Auto Memory: How Claude Learns
What Gets Saved
Auto memory captures what Claude learns through your corrections and discoveries:
- Build commands and test invocations
- Project-specific debugging patterns
- Code style preferences you’ve enforced
- Architectural insights Claude discovers from reading the codebase
- Workflow habits that consistently work for this project
Claude doesn’t write to auto memory every session. It decides based on whether the information would be valuable in a future conversation. The auto memory save behavior is intentionally conservative — you won’t find it cluttered with trivia.
Storage Layout
~/.claude/projects/<project-hash>/memory/
├── MEMORY.md # Index, loaded at every session start (first 200 lines / 25KB)
├── debugging.md # Debugging patterns specific to this project
├── api-conventions.md # API design patterns Claude has learned
└── build-system.md # Build commands and configuration notes
The <project-hash> derives from the git repository root, so all worktrees in the same repo share one auto memory directory. This is intentional: knowledge about a codebase applies across branches.
The 200-Line / 25KB Threshold
Only the first 200 lines or 25KB of MEMORY.md load at session start. Content beyond this threshold is ignored at startup. Claude keeps MEMORY.md concise by moving detailed information into topic files (debugging.md, api-conventions.md, etc.), which it reads on demand using standard file tools.
This is different from CLAUDE.md files, which load in full regardless of length.
Configuring Auto Memory
Auto memory is on by default. Toggle it within a session:
/memory
Or set it in project settings:
{
"autoMemoryEnabled": false
}
Or via environment variable:
CLAUDE_CODE_DISABLE_AUTO_MEMORY=1 claude
To store auto memory in a custom location (useful for shared team memory across projects):
{
"autoMemoryDirectory": "~/team-shared-memory/backend-services"
}
The path must be absolute or start with ~/.

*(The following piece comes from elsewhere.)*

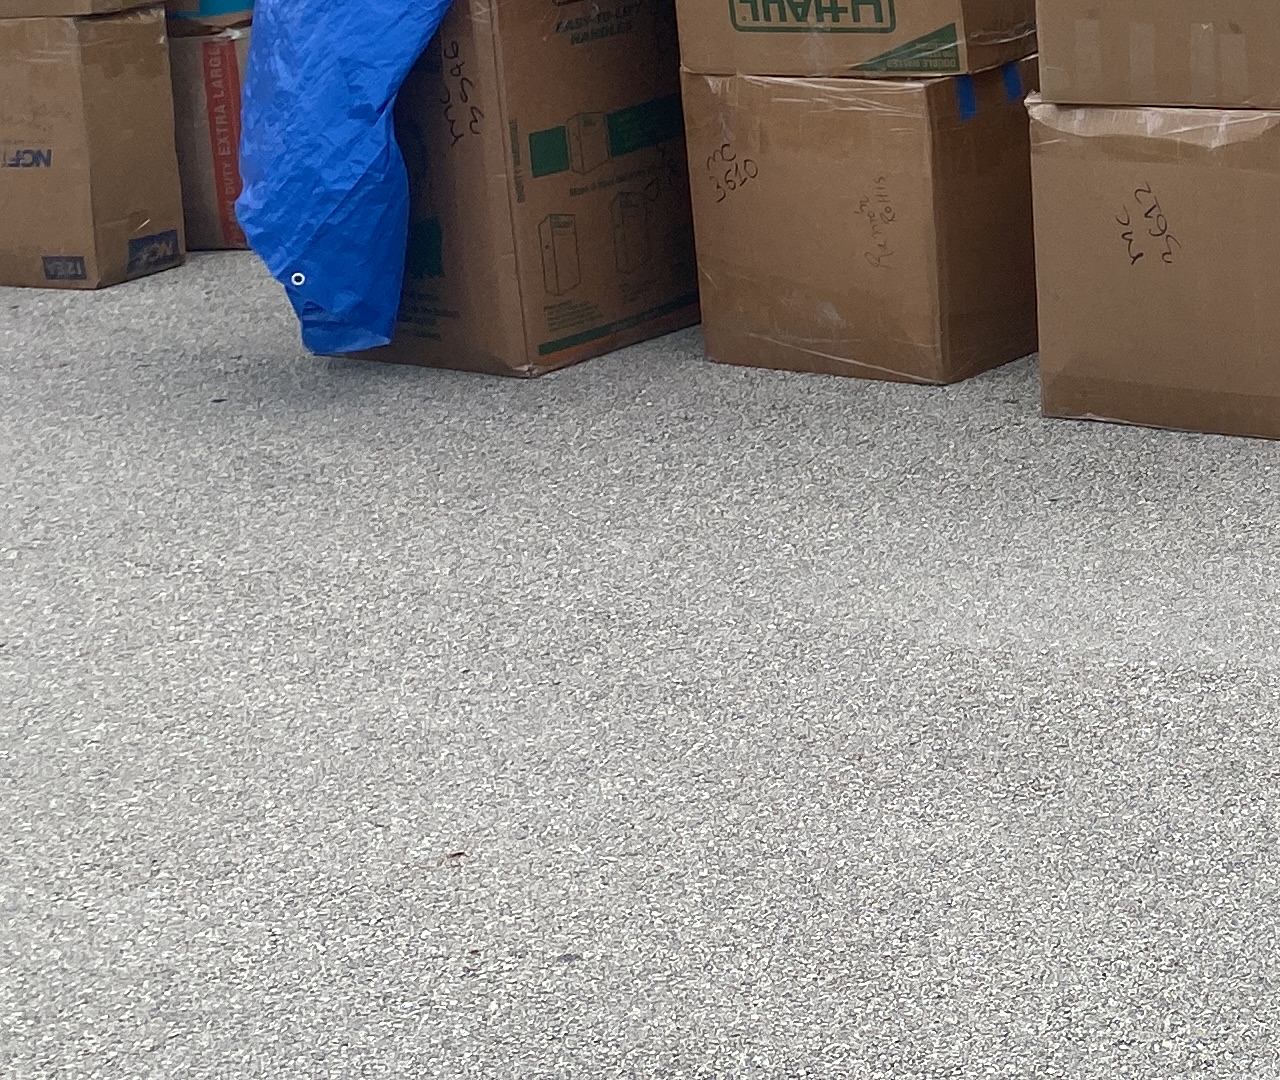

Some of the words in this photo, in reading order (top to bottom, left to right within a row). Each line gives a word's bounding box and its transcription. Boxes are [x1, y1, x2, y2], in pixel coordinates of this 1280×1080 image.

Auditing and Editing Auto Memory
Everything auto memory saves is plain markdown you can read, edit, or delete:
/memory
This command lists all loaded CLAUDE.md and CLAUDE.local.md files, lets you toggle auto memory, and links to the auto memory folder. Select any file to open it in your editor.
When you explicitly ask Claude to remember something — “always use pnpm, not npm” — it saves to auto memory. To add to CLAUDE.md instead, say “add this to CLAUDE.md” or edit the file directly through /memory.
Debugging Memory Issues
Verify Which Files Are Loading
The first step when Claude isn’t following your instructions:
/memory
This lists every CLAUDE.md and rules file loaded in the current session. If a file isn’t listed, Claude can’t see it.
Common reasons a file doesn’t load:
- Wrong location (check the scope hierarchy)
- Path-scoped rule with a glob that doesn’t match your current files
- File is in a subdirectory below your working directory and hasn’t triggered yet
InstructionsLoaded Hook for Detailed Debugging
For complex setups with path-scoped rules or deep subdirectory CLAUDE.md files, the InstructionsLoaded hook gives you a precise audit trail:
{
"hooks": {
"InstructionsLoaded": [
{
"matcher": "*",
"hooks": [
{
"type": "command",
"command": "bash -c 'echo \"[$(date +%H:%M:%S)] InstructionsLoaded: reason=$(echo $CLAUDE_HOOK_DATA | jq -r .reason) path=$(echo $CLAUDE_HOOK_DATA | jq -r .path)\" >> /tmp/instructions-audit.log'"
}
]
}
]
}
}
This writes a timestamped entry for every instruction file load — at session start, when a subdirectory file triggers, or after /compact. Watch the log to confirm your path-scoped rules are activating when expected.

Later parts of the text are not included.